¡Gracias!
Como todos sabemos, el bueno de don Quijote era y se creía un caballero andante, entre cuyos cometidos estaba ayudar a quien lo necesitase y, sobre todo, a los más desfavorecidos. Como efectivamente andaba de un sitio para otro no le faltaban ocasiones para ejercer tan noble propósito, siempre en honor de su amada Dulcinea, aunque su confusión mentalno le permitiese distinguir bien la gravedad y el alcance de las situaciones.
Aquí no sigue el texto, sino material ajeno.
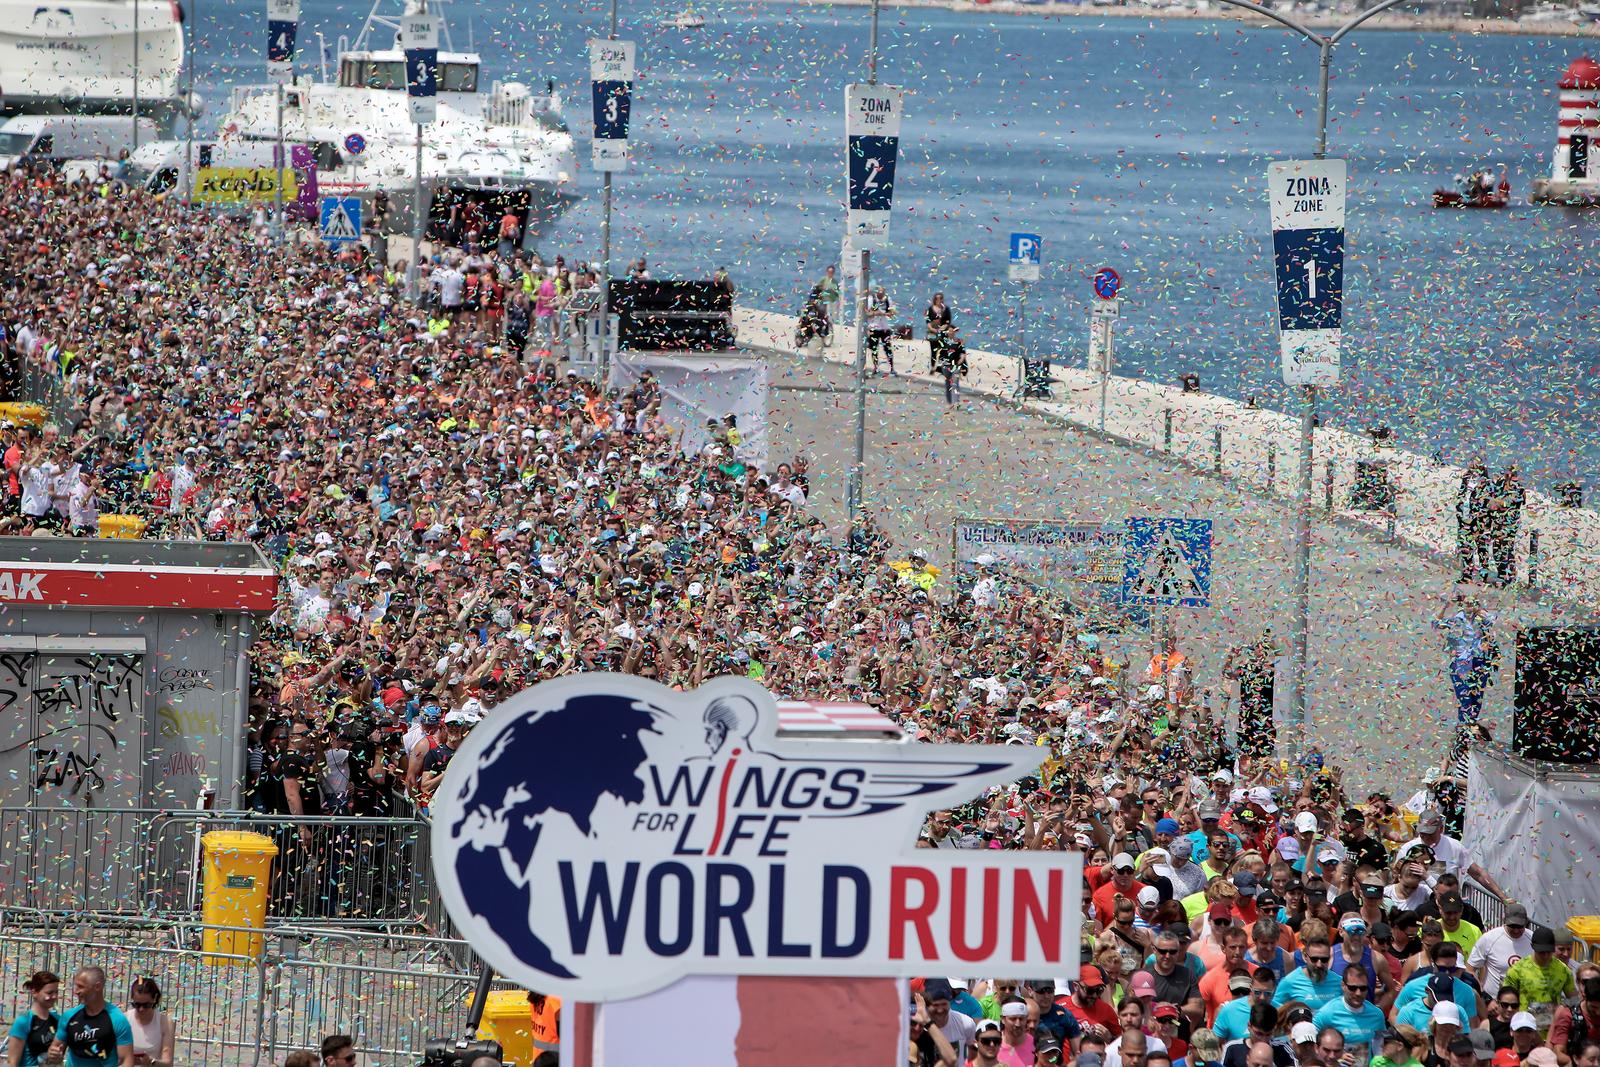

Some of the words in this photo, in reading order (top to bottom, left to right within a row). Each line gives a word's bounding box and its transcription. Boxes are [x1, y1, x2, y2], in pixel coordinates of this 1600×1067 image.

No cabe duda de que estar dispuesto a ayudar a los demás es uno de los rasgos más nobles del ser humano. Se trata de esa disponibilidad desinteresada y gratuita que suele ir implícita en la maternidad y el la paternidad, pero que en determinados momentos se extiende de manera natural entre todos los seres humanos, cualquiera que sea su procedencia o relación.
Las ocasiones de ayudar a los demás no faltan en la vida diaria, recuerdo con especial agradecimiento la que me prestó una persona joven la última vez que sufrí un pinchazo en el coche. Después he tenido ocasión de hacer yo lo mismo, con el agravante de que fue bajo la lluvia y con mis limitadas fuerzas físicas. Otras veces he recibido auxilio en situaciones mucho más trágicas, como cuando me ayudaron a salir de la corriente que me arrastraba en una playa.
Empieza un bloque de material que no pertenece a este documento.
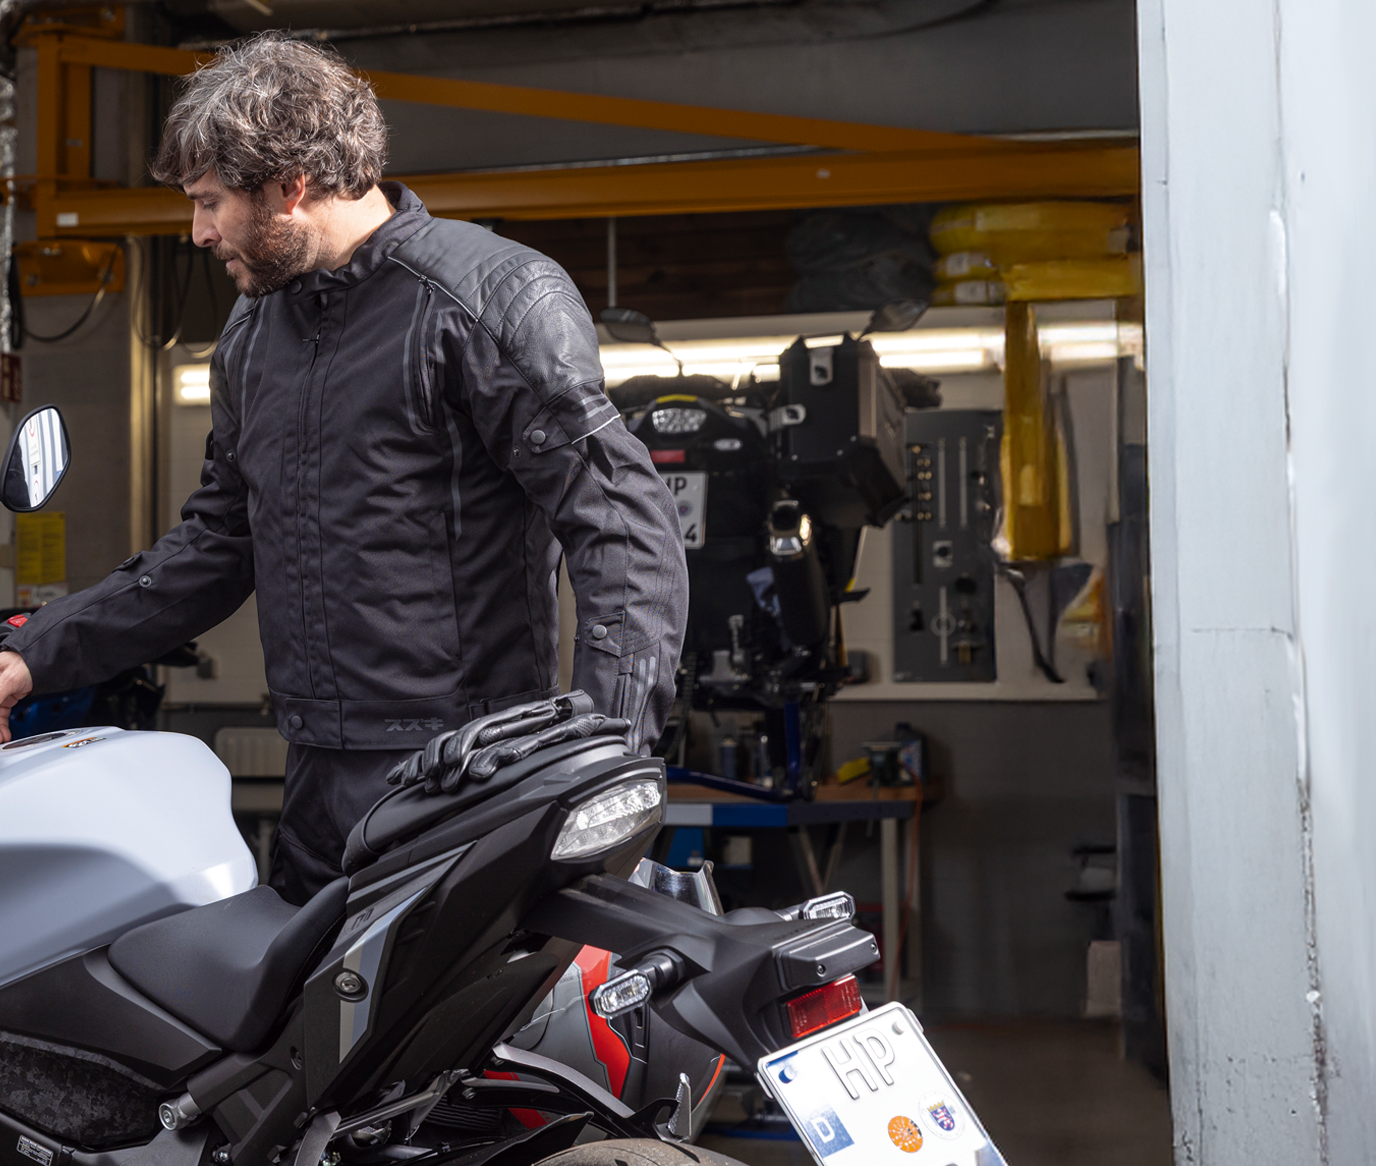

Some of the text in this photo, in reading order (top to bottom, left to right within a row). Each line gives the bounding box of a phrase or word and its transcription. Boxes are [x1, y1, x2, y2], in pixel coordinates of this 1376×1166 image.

[384, 717, 444, 731] スズキ
[821, 1029, 896, 1101] HP
[811, 1116, 836, 1144] D
Sea como fuese, tanto al ayudar como al ser ayudado, el sentimiento viene a ser el mismo: agradecimiento. Por una parte agradecer al que nos ayuda, por otra el poder haberlo hecho. Y es que no cabe duda de que es en estas ocasiones, y otras mucho más importantes, en las que se manifiesta lo mejor de nosotros mismos.
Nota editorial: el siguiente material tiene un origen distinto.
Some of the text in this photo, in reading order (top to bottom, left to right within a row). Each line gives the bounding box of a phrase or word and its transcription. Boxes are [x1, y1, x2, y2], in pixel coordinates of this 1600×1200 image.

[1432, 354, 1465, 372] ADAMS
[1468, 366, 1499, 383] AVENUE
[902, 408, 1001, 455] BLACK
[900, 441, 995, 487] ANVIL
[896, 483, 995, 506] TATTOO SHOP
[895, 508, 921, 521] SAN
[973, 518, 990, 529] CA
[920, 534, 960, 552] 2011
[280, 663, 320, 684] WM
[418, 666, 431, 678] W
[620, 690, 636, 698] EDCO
Según parece el mencionado don Quijote lo que quería era que su amada Dulcinea supiese que él era una buena persona, con fama de valedor y justiciero, en definitiva un caballero. Pero en este aspecto tenemos que apartarnos de su desvarío, pues la verdadera solidaridad es anónima y desinteresada.
Acabamos de tener ocasión de saber cómo es y debe ser esa ayuda solidaria cuando se necesita: sin otros planteamientos que los de la pura humanidad, un grupo de personas se enfrentaron a la tragedia y a la muerte. Supongo que la mayor parte hubiéramos hecho lo mismo en su lugar, pero ellos lo hicieron y su recompensa inmediata ha de ser el agradecimiento de todos. Estoy seguro de que no esperan nada más, se conforman con la conciencia de haber hecho lo que debían, como ocurrió también con todos los profesionales que acudieron al lugar del suceso a cumplir con su deber. Son comportamientos que resaltan en medio de la tragedia, pero que sin duda responden a actitudes básicas, ejercitadas cada día a favor de los demás, sin llamar la atención y sin alharacas. Por eso cada día soy más partidario de dar las gracias por cualquier motivo y más en casos como estos.